Elevation: 170–600 metres (560–1,970 feet) above sea level
Rainfall: 2,300–2,700 millimetres (91–106 inches)
Temperature: 25–28°C (77–83°F)
Mato Grosso, meaning ‘thick forest’ in Portuguese, is a vast state in Brazil’s Centre-West, at its border with Bolivia. The landscape is dominated by the Amazon rainforest in the north and the cerrado drylands in the south. It has one of the lowest population densities of any Brazilian state, but is an important agricultural producer. Mato Grosso is the largest producer of soya, maize, and cotton in Brazil and is home to more cattle than any other state.

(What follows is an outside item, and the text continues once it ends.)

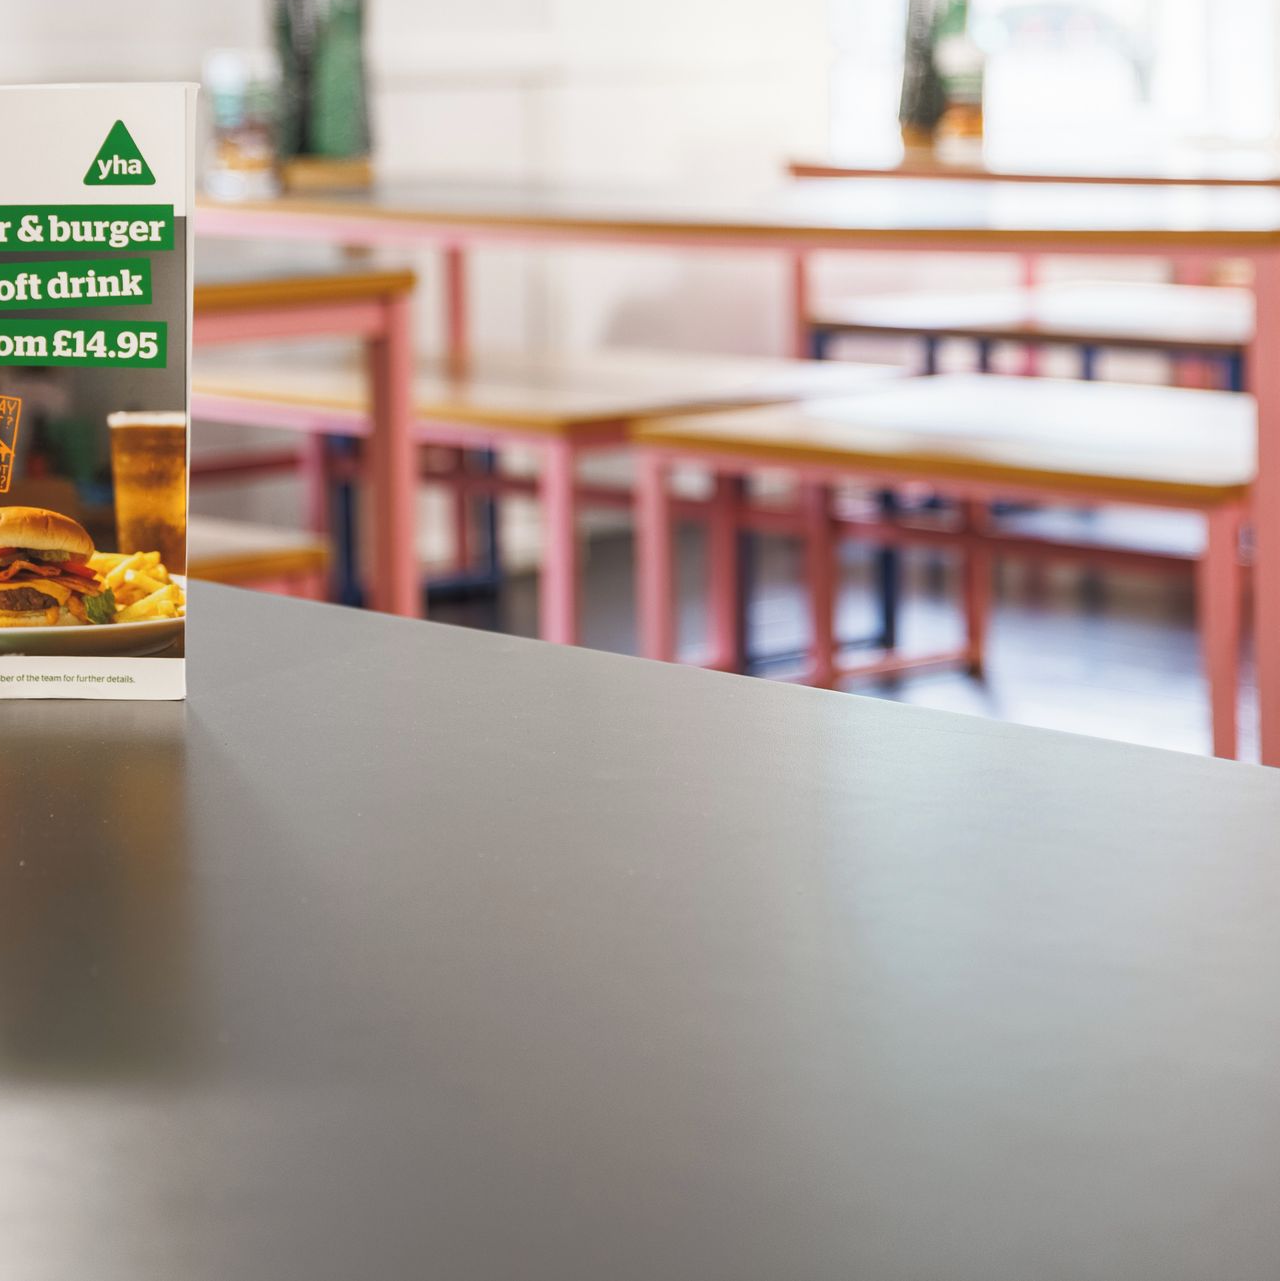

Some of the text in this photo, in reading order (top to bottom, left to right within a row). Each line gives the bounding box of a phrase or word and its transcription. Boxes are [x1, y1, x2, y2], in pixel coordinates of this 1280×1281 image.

Mato Grosso produces mainly conilon, together with a small amount of arabica. The main coffee-producing areas are located in the northwest of the state, near the border with Rondônia. The land area planted with conilon has halved over the last decade, to about 11,600 hectares. The amount of conilon produced varies from year to year but has not substantially decreased overall, thanks to improvements in productivity.
Conilon production and planted area in Mato Grosso, 2012–2021. The planted area decreased by half during this period, but thanks to increases in yield per hectare, the overall amount of production did not change significantly. Production data are month-by-month estimates of the annual production for that harvest. Source: IGBE (2021)
As in neighbouring Rondônia, the increase in yield per hectare has been enabled by the planting of modern clonal conilon seedlings, which are more productive and disease resistant than traditional strains, and by investments in improved farming techniques, including fertilisation, pruning, and irrigation (CONAB 2021). Some farms have reported yields as high as 114 bags per hectare (Persona 2020).